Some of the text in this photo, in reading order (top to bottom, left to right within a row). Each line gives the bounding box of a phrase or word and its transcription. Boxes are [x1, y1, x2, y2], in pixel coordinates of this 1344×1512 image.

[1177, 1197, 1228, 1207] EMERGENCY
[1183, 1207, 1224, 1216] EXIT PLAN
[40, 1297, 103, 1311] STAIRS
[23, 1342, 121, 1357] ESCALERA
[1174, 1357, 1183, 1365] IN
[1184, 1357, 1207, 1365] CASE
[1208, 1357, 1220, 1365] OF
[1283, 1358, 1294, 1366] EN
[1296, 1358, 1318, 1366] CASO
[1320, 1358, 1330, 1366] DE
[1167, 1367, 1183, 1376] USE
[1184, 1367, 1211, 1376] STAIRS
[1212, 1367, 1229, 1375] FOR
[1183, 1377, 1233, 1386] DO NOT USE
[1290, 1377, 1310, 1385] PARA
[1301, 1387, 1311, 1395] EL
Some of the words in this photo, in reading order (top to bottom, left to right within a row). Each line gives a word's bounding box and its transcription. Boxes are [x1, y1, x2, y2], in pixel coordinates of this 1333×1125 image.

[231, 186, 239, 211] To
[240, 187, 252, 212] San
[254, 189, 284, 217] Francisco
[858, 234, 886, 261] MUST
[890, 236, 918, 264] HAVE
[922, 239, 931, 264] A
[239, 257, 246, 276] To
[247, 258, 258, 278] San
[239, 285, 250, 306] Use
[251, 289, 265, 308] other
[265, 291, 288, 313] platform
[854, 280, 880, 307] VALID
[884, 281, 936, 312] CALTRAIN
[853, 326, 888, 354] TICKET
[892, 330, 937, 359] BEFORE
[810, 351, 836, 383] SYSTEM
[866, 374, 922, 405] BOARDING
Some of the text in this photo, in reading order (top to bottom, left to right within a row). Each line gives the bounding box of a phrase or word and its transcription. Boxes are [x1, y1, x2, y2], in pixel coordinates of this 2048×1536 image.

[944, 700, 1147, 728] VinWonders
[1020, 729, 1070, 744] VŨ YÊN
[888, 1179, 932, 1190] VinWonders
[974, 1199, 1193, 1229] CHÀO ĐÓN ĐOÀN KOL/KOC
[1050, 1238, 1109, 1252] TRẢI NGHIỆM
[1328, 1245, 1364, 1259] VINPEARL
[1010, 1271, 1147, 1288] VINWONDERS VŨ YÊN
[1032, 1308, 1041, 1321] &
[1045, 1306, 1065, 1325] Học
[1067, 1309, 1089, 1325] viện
● ● ● ● ●
__Directions__.
Restate each record exactly as written.

__Expected answer__.
Some of the text in this photo, in reading order (top to bottom, left to right within a row). Each line gives the bounding box of a phrase or word and its transcription. Boxes are [x1, y1, x2, y2], in pixel coordinates of this 1344×1512 image.

[1177, 1197, 1228, 1207] EMERGENCY
[1183, 1207, 1224, 1216] EXIT PLAN
[40, 1297, 103, 1311] STAIRS
[23, 1342, 121, 1357] ESCALERA
[1174, 1357, 1183, 1365] IN
[1184, 1357, 1207, 1365] CASE
[1208, 1357, 1220, 1365] OF
[1283, 1358, 1294, 1366] EN
[1296, 1358, 1318, 1366] CASO
[1320, 1358, 1330, 1366] DE
[1167, 1367, 1183, 1376] USE
[1184, 1367, 1211, 1376] STAIRS
[1212, 1367, 1229, 1375] FOR
[1183, 1377, 1233, 1386] DO NOT USE
[1290, 1377, 1310, 1385] PARA
[1301, 1387, 1311, 1395] EL
Some of the words in this photo, in reading order (top to bottom, left to right within a row). Each line gives a word's bounding box and its transcription. Boxes are [x1, y1, x2, y2], in pixel coordinates of this 1333×1125 image.

[231, 186, 239, 211] To
[240, 187, 252, 212] San
[254, 189, 284, 217] Francisco
[858, 234, 886, 261] MUST
[890, 236, 918, 264] HAVE
[922, 239, 931, 264] A
[239, 257, 246, 276] To
[247, 258, 258, 278] San
[239, 285, 250, 306] Use
[251, 289, 265, 308] other
[265, 291, 288, 313] platform
[854, 280, 880, 307] VALID
[884, 281, 936, 312] CALTRAIN
[853, 326, 888, 354] TICKET
[892, 330, 937, 359] BEFORE
[810, 351, 836, 383] SYSTEM
[866, 374, 922, 405] BOARDING
Some of the text in this photo, in reading order (top to bottom, left to right within a row). Each line gives the bounding box of a phrase or word and its transcription. Boxes are [x1, y1, x2, y2], in pixel coordinates of this 2048×1536 image.

[944, 700, 1147, 728] VinWonders
[1020, 729, 1070, 744] VŨ YÊN
[888, 1179, 932, 1190] VinWonders
[974, 1199, 1193, 1229] CHÀO ĐÓN ĐOÀN KOL/KOC
[1050, 1238, 1109, 1252] TRẢI NGHIỆM
[1328, 1245, 1364, 1259] VINPEARL
[1010, 1271, 1147, 1288] VINWONDERS VŨ YÊN
[1032, 1308, 1041, 1321] &
[1045, 1306, 1065, 1325] Học
[1067, 1309, 1089, 1325] viện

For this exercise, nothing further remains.